During that time, I have tried to follow online the progress of the US response to increasing numbers of afflicted individuals and communities across America. School closures, limiting the size of groups, church worship services going to online streaming rather than meeting in person, work schedules allowing for telework, and job loss: all of these have affected our family as well as countless families in our communities.
But what has struck me personally have been the food shortages at our local grocery. While the President has urged Americans to use restraint, not to hoard, that there is plenty of material in the supply line, it still seems as if many of the items we put on our shopping list are not available. Who would have thought that, along with toilet paper, there wouldn’t be any ground beef or milk, let alone bread, in the grocery aisles?

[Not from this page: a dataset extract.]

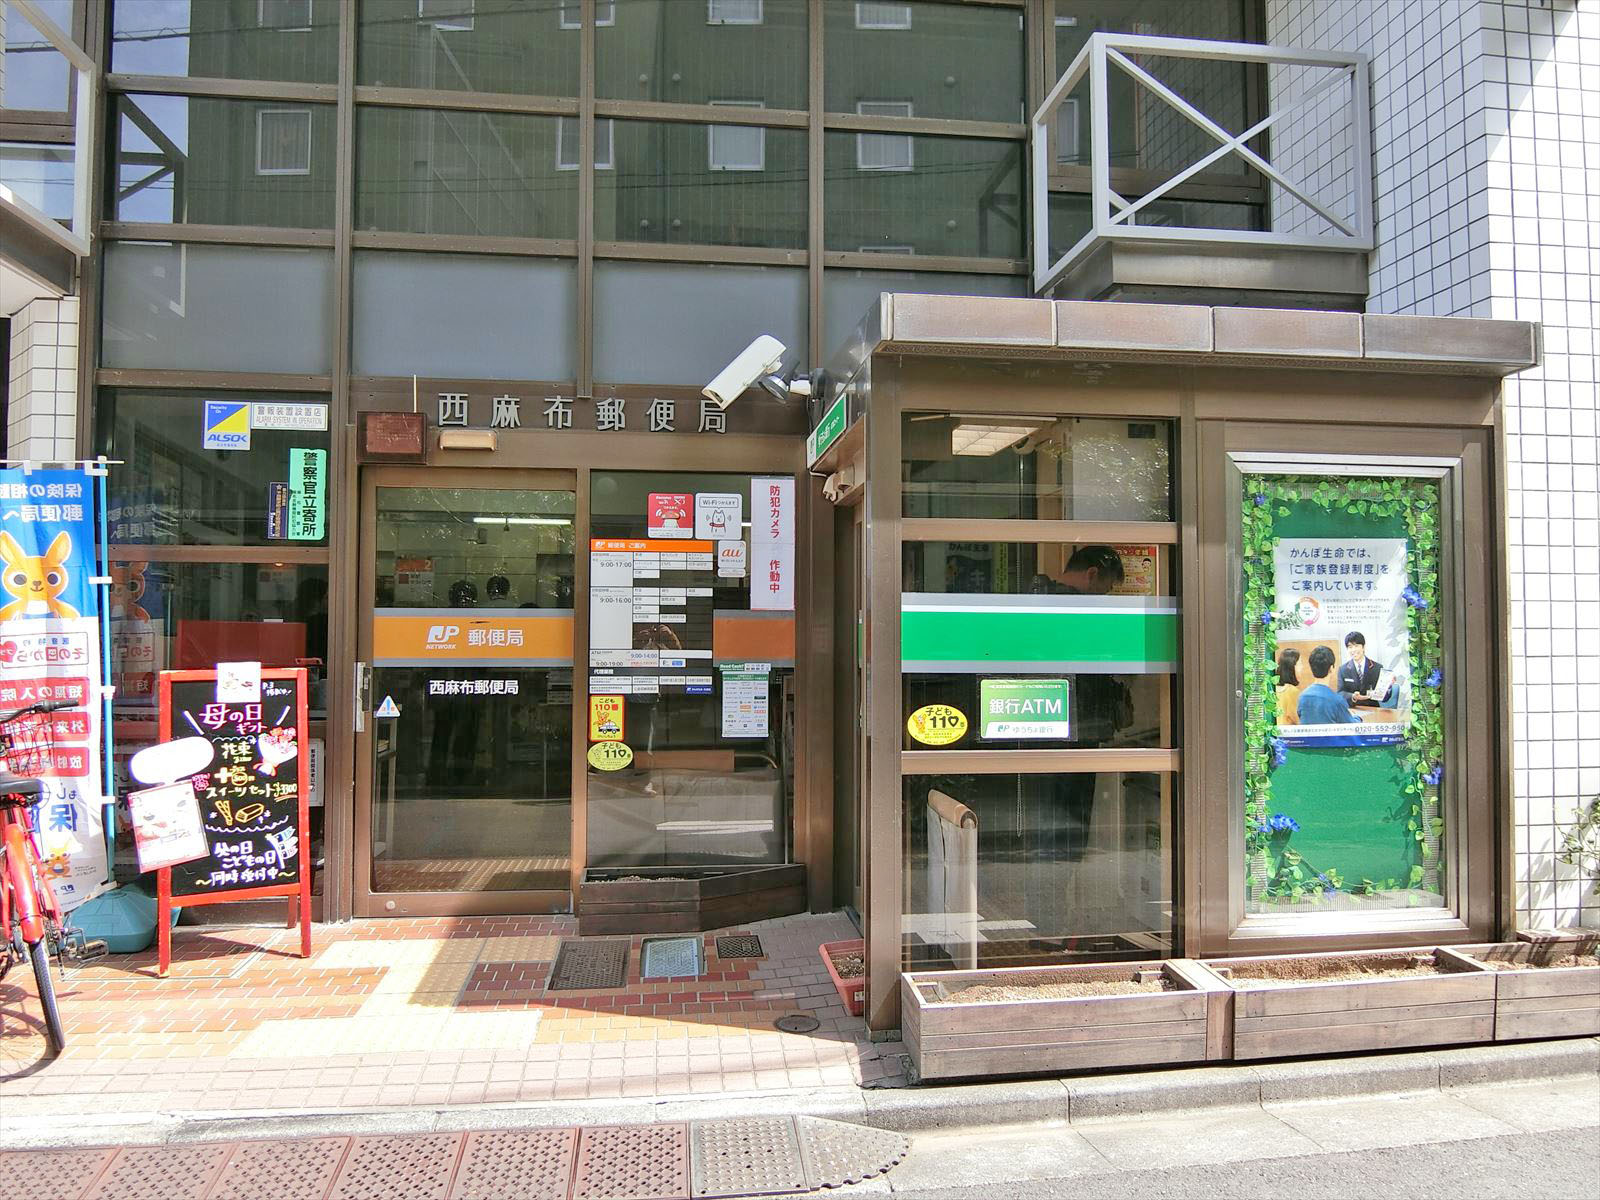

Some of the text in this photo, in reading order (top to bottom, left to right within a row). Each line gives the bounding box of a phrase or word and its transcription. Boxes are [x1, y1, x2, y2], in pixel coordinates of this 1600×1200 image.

Which in turn got me thinking of rationing and the days during World War 2 and America’s response during that time period. The Greatest Generation stepped up with a resilience I’m not sure we are seeing yet in our people. While President Trump has said that we are in a war with an invisible enemy.
“I do, I actually do, I’m looking at it that way,” Trump told reporters during a press briefing at the White House when asked whether he considered the U.S. to be on a wartime footing. “I look at it, I view it as, in a sense, a wartime president. I mean, that’s what we’re fighting.“To this day, nobody has ever seen like it, what they were able to do during World War II,” he continued. “Now it’s our time. We must sacrifice together, because we are all in this together, and we will come through together. It’s the invisible enemy. That’s always the toughest enemy, the invisible enemy.”
https://www.politico.com/news/2020/03/18/trump-administration-self-swab-coronavirus-tests-135590
I asked my Mom, who was 12 at the start of WWII, what she remembered about the time, especially how food rationing would have affected her family. Her responses really had more to say about the change in America over the past 70 some odd years than any individual shortage of TP.
“We were not allowed to read newspapers nor listen to the radio. What money I made baby sitting and house cleaning for other people, Mother kept. She did send me to the store once to buy Snowflake Soda Crackers for 31 cents. I know leather was rationed, but we only got one pair of shoes a year, so that was no problem. Meat was rationed , but we could not afford it anyway, sothat didn’t affect us. We had cows, so lots of milk; we had chickens so we did have chicken on Sunday; usually with a soldier or two, or sailors.
The Arrowhead Springs Hotel in the foothills beneath the big bare arrow head on the mountain had been turned into a naval hospital. Mother would call the USO and have them send a couple of guys out for Sunday dinner. And we had plenty of eggs. Mother did not tell us what anything cost, nor whether it was difficult to get anything. We didn’t go shopping; Mother made most of our clothes…at least the girl’s.

I don’t think we were affected all that much by the rationing. We got hamburger and made spaghetti…big pots of it. We grew vegetables, had a small orchard of fruit trees, orange and lemon and a few others. (They were living in Southern California at the time.)
From the time I was about eight, we had dancing and music lessons; we sang in the children’s choir at church, played in the children’s orchestra on Wednesday at the high school, and on Saturday at the high school during the summer. We belonged to the Y, and had library cards. We were really very busy.” Lora Lea Willis Chamberlin
For an interesting perspective on rationing during that time, take a look here: https://ameshistory.org/content/world-war-ii-rationing-us-homefront
A fascinating narration of your mother’s story of life during WWII. thanks for sharing.